> _WHAT IS NEEDED_:
Search the listing below for the line containing "this 1288×966 image.". From there through the line containing "Some of the words", transcribe every line exactly, both ends included.
* * * * * * *
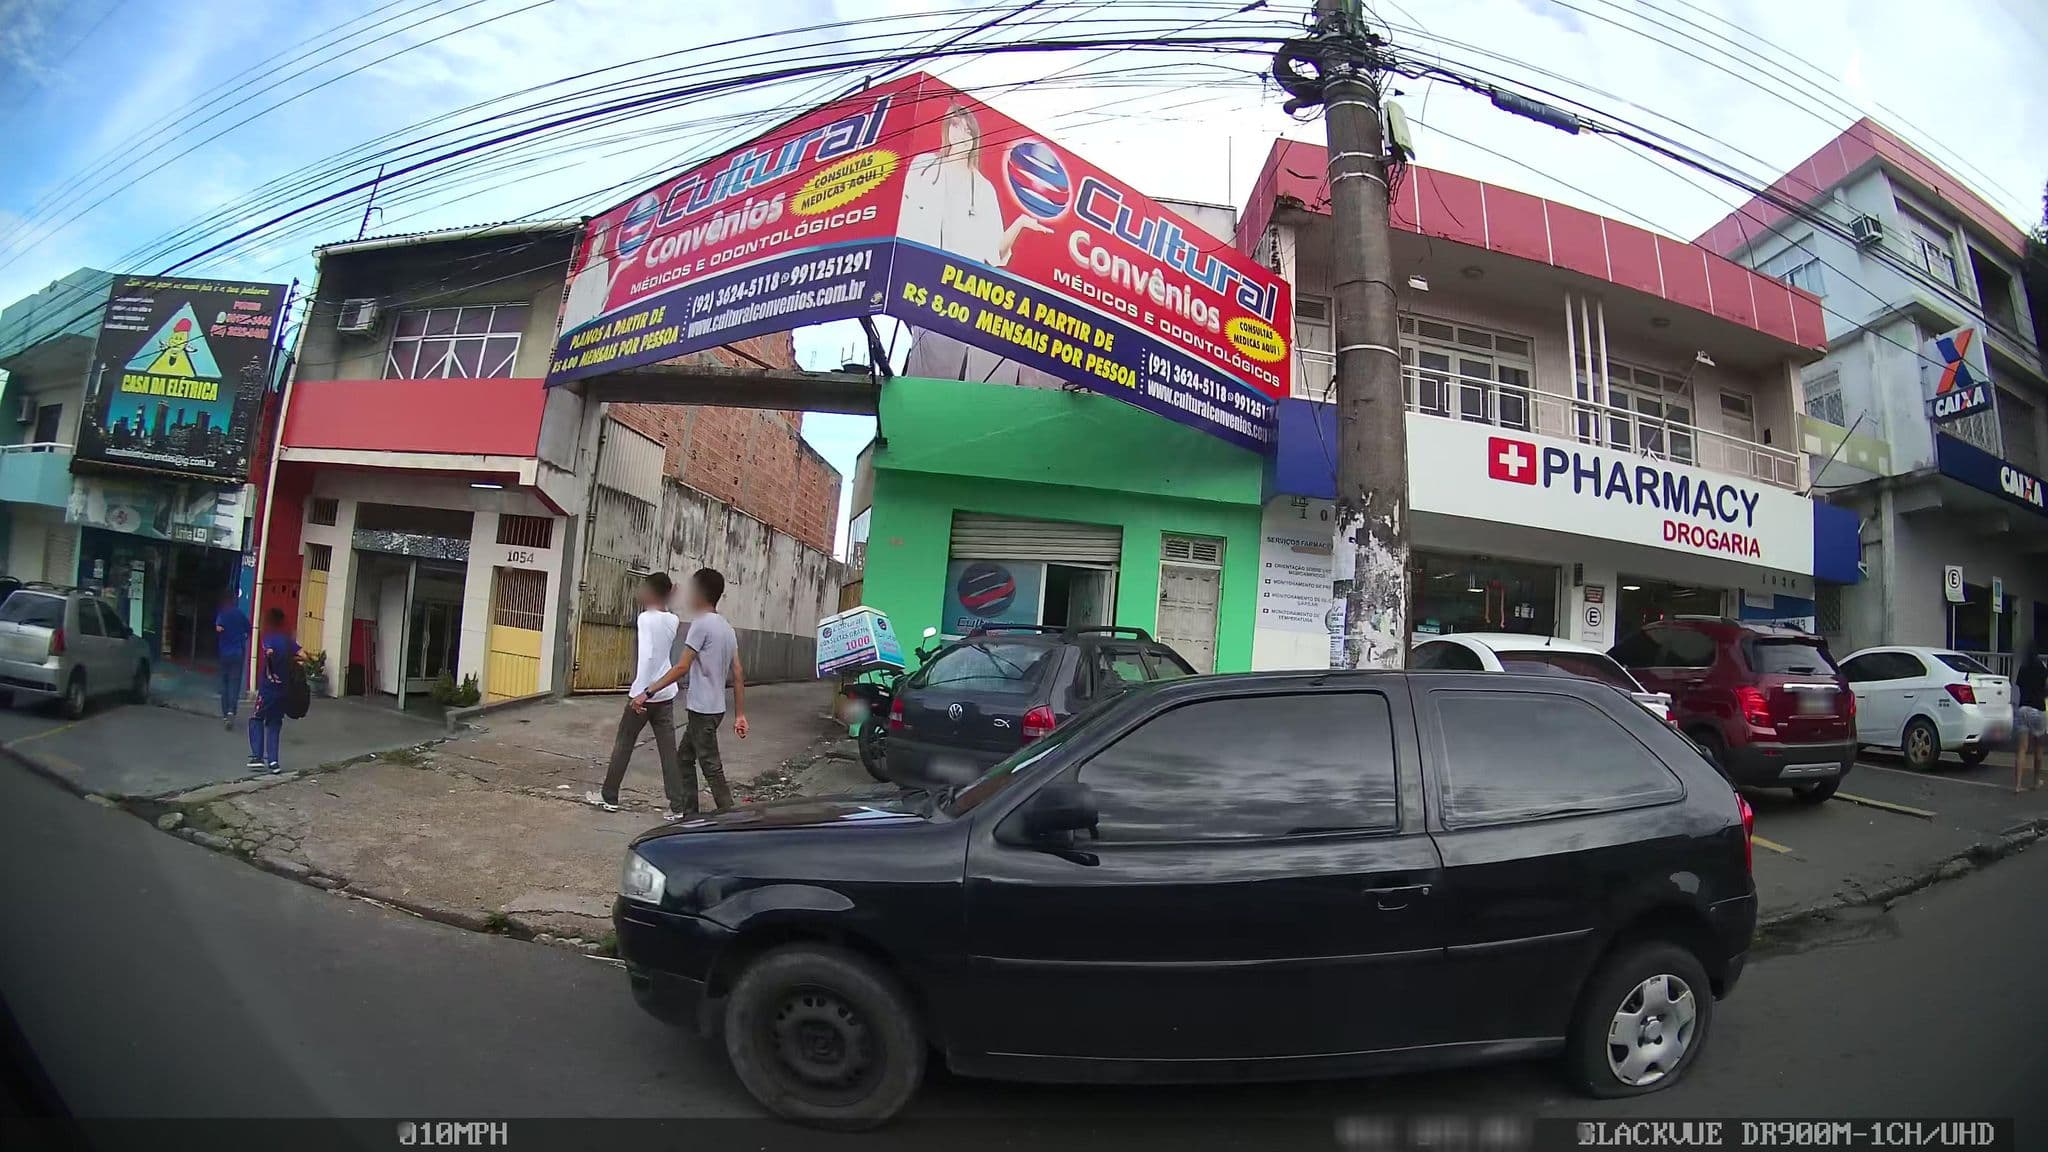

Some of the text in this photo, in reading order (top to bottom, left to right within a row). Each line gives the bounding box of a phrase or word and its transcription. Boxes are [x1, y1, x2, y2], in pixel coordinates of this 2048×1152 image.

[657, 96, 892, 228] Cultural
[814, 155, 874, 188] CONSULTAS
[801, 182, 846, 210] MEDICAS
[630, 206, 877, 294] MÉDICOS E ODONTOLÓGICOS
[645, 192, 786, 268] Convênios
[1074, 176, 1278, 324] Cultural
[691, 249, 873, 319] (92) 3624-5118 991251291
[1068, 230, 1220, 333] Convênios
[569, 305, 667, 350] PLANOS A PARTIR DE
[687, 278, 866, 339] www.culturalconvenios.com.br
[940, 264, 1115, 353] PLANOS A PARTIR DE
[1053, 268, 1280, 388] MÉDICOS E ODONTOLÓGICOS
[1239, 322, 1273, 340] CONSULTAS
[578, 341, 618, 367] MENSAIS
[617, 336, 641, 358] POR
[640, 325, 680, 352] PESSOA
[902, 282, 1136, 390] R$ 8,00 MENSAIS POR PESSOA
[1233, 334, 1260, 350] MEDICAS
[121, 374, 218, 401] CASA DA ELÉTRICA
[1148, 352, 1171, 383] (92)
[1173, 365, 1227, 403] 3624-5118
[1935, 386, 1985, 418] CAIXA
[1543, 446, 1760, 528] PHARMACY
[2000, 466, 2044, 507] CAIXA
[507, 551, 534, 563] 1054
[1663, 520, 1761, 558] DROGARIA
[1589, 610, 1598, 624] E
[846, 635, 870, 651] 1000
* * * * * * *
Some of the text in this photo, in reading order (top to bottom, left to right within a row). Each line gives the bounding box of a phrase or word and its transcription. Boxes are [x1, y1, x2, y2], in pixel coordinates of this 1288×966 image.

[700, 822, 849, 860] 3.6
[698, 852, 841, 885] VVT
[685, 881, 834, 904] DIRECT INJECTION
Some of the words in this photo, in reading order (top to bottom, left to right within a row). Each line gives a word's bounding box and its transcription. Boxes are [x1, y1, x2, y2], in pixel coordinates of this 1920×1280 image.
* * * * * * *
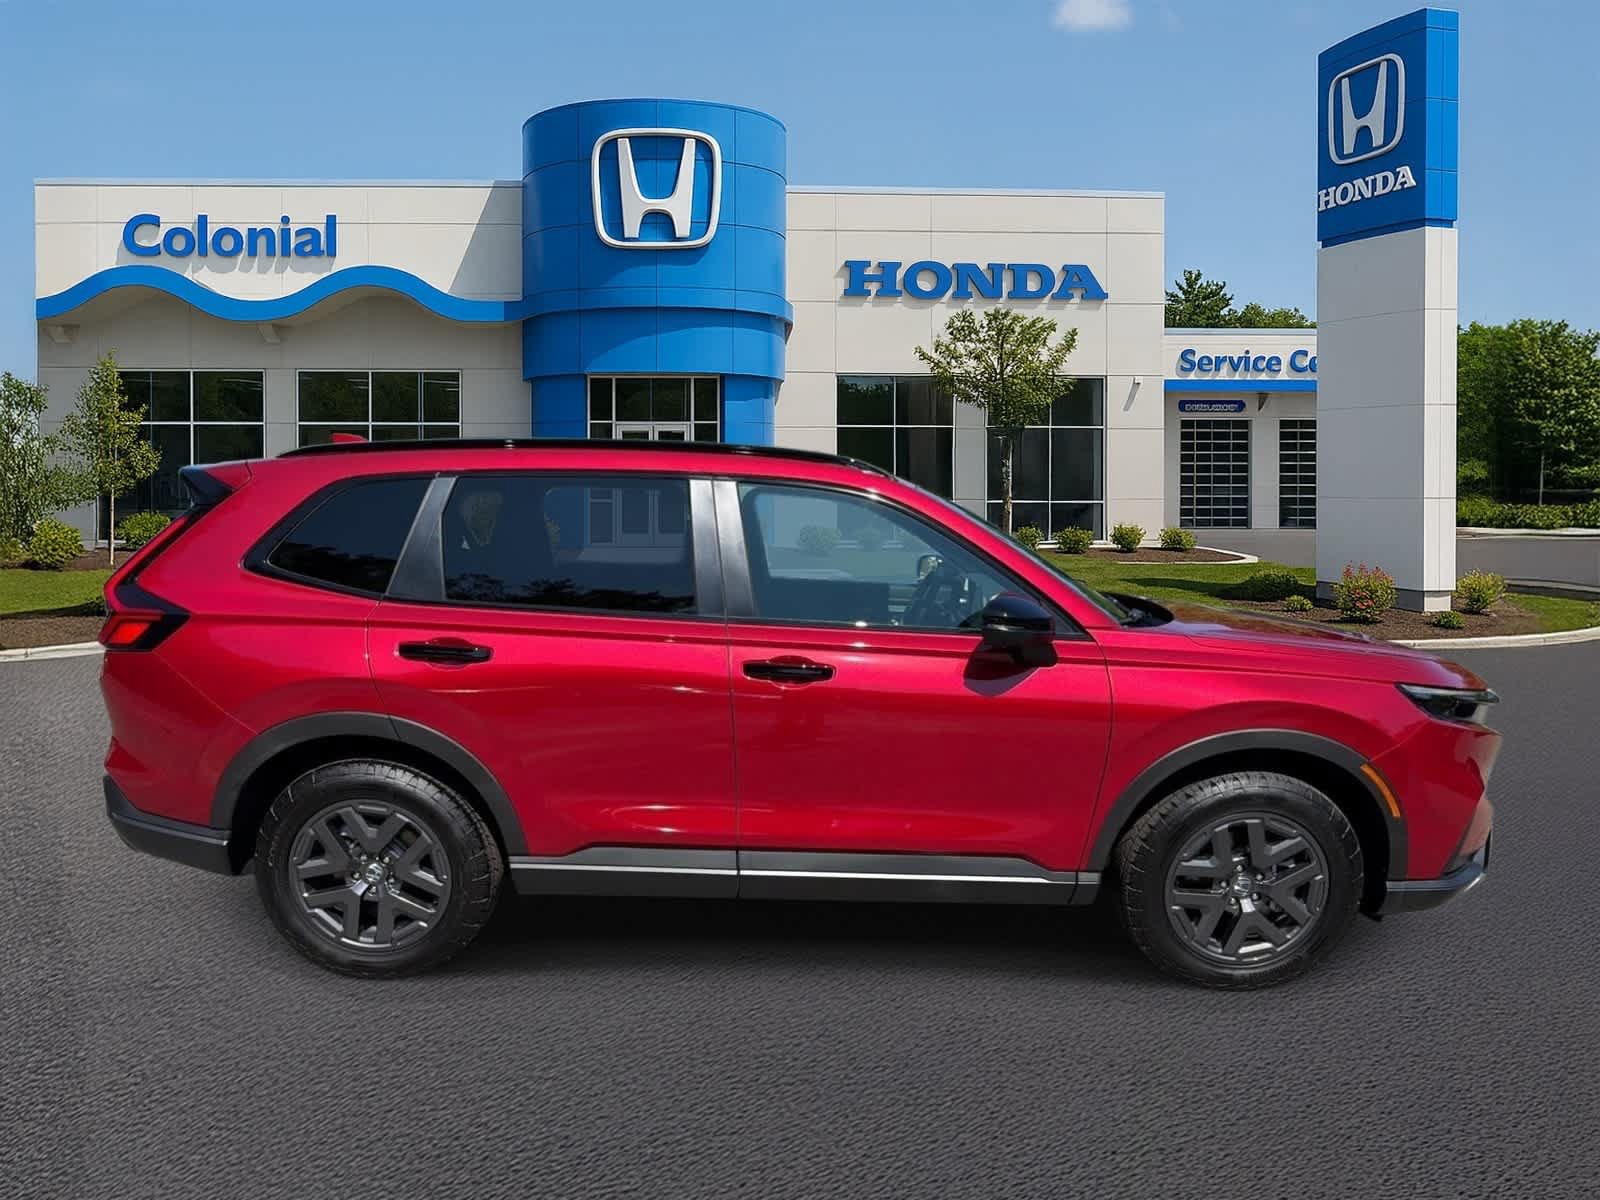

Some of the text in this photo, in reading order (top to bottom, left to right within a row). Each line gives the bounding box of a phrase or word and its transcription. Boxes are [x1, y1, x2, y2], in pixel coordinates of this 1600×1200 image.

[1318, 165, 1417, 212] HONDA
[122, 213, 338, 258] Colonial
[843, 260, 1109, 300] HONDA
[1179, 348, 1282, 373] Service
* * * * * * *
> _RESPONSE TO THE EXERCISE_:
Some of the text in this photo, in reading order (top to bottom, left to right within a row). Each line gives the bounding box of a phrase or word and its transcription. Boxes are [x1, y1, x2, y2], in pixel coordinates of this 1288×966 image.

[700, 822, 849, 860] 3.6
[698, 852, 841, 885] VVT
[685, 881, 834, 904] DIRECT INJECTION
Some of the words in this photo, in reading order (top to bottom, left to right within a row). Each line gives a word's bounding box and its transcription. Boxes are [x1, y1, x2, y2], in pixel coordinates of this 1920×1280 image.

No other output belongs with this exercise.